§ **Task directions**: Would you repeat the entries below word for word and omit the pictures?
Dataset records: Begin
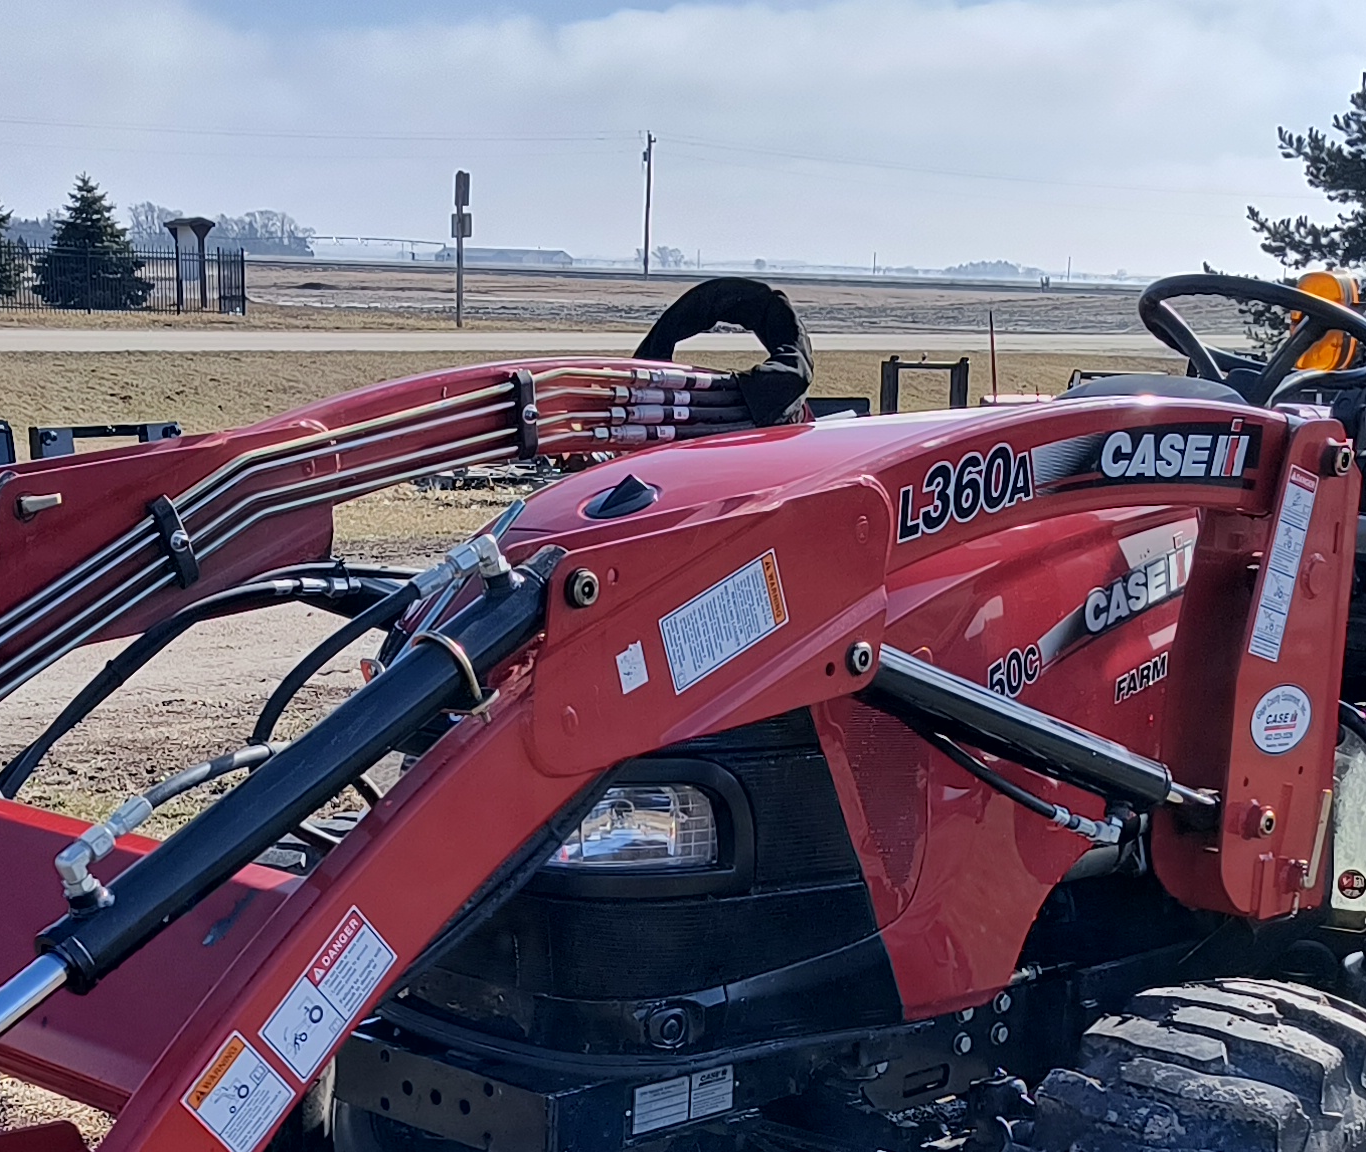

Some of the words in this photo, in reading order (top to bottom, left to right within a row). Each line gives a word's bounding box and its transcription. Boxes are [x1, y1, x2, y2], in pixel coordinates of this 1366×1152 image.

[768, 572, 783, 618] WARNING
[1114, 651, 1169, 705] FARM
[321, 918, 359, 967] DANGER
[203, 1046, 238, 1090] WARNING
Dataset records: End
§ **Response for this exercise**:
Some of the words in this photo, in reading order (top to bottom, left to right within a row). Each line gives a word's bounding box and its transcription. Boxes are [x1, y1, x2, y2], in pixel coordinates of this 1366×1152 image.

[768, 572, 783, 618] WARNING
[1114, 651, 1169, 705] FARM
[321, 918, 359, 967] DANGER
[203, 1046, 238, 1090] WARNING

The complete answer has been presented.